Internal Affairs and Communication Minister Takaichi Sanae repeatedly told ‘the government is authorized to shut down TV and radio programs’, and the Abe government announced ‘a unified statement’ to defend her remark. Reportedly, however, reactions are feeble from news agencies and TV and radio stations. Under these circumstances, the Hoso-wo-Kataru-Kai, or a group to discuss broadcasting issues, a civic organization founded in August, 1990, to incorporate citizens, media workers and experts, and the Japan Congress of Journalists (JCJ) have released a protest statement which demands resignation of Minister.
Minister Takaichi Must Leave Office
On February 8 and 9 Minister Takaichi told in her Diet speech replying to a question of an opposite lawmaker and in the press meeting about a possibility that the government may order to broadcasters to stop operation in compliance with Article 76 of the Radio Law on the ground of violation of Article 4 of the Broadcast Law, if the entities are judged to have ignored official calls not to air programs that lack political neutrality.

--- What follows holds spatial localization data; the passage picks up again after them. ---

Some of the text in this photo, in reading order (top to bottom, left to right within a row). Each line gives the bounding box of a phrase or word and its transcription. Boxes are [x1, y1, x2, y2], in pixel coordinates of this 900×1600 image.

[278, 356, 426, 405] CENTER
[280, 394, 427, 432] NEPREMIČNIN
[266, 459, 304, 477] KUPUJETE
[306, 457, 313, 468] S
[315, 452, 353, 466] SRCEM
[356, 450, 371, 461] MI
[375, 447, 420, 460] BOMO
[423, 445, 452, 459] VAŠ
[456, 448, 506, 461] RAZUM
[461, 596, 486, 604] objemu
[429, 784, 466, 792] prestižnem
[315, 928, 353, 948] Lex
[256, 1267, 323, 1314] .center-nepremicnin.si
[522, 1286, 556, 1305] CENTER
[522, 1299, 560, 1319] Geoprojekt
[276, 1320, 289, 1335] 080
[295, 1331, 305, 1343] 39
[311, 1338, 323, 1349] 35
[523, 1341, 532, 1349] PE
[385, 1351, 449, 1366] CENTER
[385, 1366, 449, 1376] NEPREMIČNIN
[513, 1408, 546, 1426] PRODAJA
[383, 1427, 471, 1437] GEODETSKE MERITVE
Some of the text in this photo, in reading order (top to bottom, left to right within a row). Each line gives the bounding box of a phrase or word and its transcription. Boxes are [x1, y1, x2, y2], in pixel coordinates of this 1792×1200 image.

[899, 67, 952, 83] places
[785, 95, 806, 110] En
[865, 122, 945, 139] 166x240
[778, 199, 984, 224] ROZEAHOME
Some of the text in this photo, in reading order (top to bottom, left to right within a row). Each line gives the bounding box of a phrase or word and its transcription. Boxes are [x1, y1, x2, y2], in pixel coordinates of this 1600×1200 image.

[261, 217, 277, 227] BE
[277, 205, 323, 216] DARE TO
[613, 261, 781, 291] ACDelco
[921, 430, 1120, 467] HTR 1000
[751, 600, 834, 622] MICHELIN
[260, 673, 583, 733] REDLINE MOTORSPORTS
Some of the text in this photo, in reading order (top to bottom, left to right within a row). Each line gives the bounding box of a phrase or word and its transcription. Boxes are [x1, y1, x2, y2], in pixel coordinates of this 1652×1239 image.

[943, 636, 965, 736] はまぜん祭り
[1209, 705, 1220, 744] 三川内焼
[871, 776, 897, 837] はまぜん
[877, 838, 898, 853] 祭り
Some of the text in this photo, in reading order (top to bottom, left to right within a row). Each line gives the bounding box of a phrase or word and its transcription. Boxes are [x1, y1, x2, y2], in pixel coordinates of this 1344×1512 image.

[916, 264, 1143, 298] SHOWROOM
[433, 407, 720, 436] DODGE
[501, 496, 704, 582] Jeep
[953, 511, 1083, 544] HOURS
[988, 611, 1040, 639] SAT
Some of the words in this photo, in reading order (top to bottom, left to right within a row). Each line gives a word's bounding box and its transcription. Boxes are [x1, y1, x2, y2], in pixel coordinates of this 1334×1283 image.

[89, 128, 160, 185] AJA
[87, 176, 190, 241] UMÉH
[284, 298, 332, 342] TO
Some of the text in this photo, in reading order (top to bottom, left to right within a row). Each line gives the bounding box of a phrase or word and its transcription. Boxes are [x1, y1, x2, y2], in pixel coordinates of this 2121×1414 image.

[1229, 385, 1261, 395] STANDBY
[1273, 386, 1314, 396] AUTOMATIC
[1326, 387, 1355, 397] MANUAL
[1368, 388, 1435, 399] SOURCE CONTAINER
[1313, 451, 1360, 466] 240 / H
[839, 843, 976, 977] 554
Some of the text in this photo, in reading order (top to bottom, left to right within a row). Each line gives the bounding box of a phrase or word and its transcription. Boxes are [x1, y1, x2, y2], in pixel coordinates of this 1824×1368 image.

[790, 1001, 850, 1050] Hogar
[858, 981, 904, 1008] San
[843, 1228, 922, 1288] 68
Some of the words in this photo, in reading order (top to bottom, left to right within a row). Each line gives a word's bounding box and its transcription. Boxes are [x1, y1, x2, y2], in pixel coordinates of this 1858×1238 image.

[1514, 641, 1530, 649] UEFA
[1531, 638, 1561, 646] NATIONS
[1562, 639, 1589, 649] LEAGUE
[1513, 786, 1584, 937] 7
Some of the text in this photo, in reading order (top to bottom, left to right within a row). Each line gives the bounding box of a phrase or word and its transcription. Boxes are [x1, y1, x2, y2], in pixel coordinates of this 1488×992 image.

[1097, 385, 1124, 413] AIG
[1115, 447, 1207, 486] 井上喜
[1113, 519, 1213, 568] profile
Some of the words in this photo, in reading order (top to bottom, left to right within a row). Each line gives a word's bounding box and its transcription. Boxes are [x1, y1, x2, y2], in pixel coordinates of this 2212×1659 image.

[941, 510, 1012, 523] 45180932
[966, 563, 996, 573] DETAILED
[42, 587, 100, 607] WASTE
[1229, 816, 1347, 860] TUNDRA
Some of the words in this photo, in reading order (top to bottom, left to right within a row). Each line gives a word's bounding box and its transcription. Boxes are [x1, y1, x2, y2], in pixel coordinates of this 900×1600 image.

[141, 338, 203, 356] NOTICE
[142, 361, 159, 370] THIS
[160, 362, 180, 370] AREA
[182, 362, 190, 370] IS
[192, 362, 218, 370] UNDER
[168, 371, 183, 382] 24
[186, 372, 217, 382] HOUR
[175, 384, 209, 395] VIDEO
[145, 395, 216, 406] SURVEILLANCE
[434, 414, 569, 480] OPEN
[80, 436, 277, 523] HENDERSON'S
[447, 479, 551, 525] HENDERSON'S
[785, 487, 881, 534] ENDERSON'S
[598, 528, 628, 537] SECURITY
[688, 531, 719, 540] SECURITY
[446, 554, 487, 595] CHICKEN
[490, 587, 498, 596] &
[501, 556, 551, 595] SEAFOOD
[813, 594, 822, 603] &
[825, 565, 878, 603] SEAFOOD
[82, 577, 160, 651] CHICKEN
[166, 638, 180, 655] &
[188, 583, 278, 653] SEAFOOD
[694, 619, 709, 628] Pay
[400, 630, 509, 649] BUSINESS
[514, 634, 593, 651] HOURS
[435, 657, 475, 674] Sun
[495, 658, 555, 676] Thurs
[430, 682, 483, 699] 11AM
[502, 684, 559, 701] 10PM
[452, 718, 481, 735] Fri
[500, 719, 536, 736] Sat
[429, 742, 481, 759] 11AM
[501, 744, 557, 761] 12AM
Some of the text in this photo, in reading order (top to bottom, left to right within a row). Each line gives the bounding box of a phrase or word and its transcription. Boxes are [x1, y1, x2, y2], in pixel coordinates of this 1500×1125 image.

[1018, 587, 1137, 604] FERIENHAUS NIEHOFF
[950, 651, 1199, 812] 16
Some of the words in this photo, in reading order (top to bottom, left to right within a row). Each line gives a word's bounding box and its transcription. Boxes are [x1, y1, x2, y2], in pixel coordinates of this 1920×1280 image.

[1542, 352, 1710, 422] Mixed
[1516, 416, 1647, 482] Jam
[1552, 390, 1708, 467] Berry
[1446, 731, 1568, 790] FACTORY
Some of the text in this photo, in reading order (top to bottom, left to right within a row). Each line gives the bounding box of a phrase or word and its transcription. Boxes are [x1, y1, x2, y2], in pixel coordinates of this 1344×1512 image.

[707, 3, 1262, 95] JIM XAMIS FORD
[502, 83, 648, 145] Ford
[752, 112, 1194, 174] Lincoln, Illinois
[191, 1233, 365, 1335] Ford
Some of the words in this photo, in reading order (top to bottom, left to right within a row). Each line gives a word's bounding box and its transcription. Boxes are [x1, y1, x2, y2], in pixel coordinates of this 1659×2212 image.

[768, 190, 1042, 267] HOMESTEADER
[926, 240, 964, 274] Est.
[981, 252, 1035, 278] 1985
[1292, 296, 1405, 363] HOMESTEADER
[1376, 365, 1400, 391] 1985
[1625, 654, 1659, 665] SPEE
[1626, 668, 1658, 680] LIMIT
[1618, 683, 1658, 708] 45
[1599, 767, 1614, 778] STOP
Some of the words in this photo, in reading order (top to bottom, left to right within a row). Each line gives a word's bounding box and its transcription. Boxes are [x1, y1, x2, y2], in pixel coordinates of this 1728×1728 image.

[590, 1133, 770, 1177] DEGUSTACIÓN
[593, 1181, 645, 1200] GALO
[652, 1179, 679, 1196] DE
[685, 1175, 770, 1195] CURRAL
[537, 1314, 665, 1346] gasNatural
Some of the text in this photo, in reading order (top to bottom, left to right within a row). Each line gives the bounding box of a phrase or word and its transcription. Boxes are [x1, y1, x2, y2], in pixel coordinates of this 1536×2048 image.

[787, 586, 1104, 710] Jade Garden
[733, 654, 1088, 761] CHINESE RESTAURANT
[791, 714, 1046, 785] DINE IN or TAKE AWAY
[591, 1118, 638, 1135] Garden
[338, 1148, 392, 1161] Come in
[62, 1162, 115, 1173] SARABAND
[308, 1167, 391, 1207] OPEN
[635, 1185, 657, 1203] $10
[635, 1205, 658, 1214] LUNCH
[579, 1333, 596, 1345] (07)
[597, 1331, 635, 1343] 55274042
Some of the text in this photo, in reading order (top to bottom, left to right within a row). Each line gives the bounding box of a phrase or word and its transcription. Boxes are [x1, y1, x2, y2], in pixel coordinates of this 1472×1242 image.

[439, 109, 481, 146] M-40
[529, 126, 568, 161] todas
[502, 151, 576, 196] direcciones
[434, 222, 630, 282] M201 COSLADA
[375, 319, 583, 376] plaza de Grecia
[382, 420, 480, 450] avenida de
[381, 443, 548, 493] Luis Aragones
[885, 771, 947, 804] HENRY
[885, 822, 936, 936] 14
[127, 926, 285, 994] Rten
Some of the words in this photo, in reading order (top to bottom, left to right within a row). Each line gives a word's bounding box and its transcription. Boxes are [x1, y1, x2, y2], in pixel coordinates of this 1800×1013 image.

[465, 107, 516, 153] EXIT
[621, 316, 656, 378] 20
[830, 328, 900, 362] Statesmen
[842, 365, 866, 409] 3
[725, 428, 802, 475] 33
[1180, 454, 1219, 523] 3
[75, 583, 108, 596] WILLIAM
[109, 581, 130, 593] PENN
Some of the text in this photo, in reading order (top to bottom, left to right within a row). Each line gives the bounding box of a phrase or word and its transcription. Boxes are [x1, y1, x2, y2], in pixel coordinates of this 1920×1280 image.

Newspaper Advertisement by Rightist Forces
Newspapers criticize the remark of the minister, reporting its effect and publishing commentaries and special column articles. However, TV & radio stations stay calm, though they are themselves that are involved: private TV channels reported the topic briefly in the news program, but the NHK, the Japan Broadcasting Corporation, did not air at all in the major news programs.
Professor Sato Manabu (majoring in US politics), Okinawa International University, mentioned in the column of the Mainichi Newspaper, Media’s Commentary on Current Affairs, dated February 20: he is concerned about a fact that the press as a whole seems not to criticize seriously the minister’s remark’.
The Association of Listeners/Viewers demanding Observation of Broadcast Law, to which many rightist figures belong as representatives, raised a full-page advertisement entitled ‘Stop TV Totalitarianism!’ in the morning issue of the Yomiuri newspaper on February 13. The group pretended to have detected weakness among people of the press. Though the group rejected allegation that it had links with the minister’s speech, the contention is identical.
The advertisement presents a pie chart to show length of on-air hours on pro-and-con comments concerning the two major laws, the Act on the Protection of Specially Designated Secrets and the National Security Acts. It claims that ‘TV is monopolized’ and questions ‘Who protects people’s right to know?
The recent newspaper advertisement is of the group’s second round of campaign. The first one appeared in the Yomiuri and the Sankei in November last year. Later on announcements were made that three news anchors targeted in their advertisement, namely Kishii Shigetada of TBS, Furutachi Ichiro of TV Asahi and Kuniya Hiroko of NHK, had stepped down from their programs.
Minister of One Administration has Right to Say
The statement issued on February 12 by the Hoso-wo-Kataru-Kai and the JCJ harshly criticizes the minister’s remark: ‘the key element of her comment lies in a view that the state’s power has authority to examine broadcasting and printing operations so that it can resort to administrative measures. It is an intolerable attack to the rights of speech and expression guaranteed by the Constitution’. It goes to say that: ‘a person whose stance is mentioned above is in office of Minister of Internal Affairs and Communication in charge of broadcasting. This fact cannot be accepted’. It demands Ms Takaichi to leave office.
The statement points out that ‘it will be inevitable that an ideology or a thought of Internal Affairs Minister of a government might reflect in judgment, if suspension of broadcasting should be authorized’. It continues to warn that such a politician as Ms Takaichi should decide ‘whether a TV & radio program is impartial’, citing her comment on the power plant accident in Fukushima: ‘no single person died from the nuclear accident’.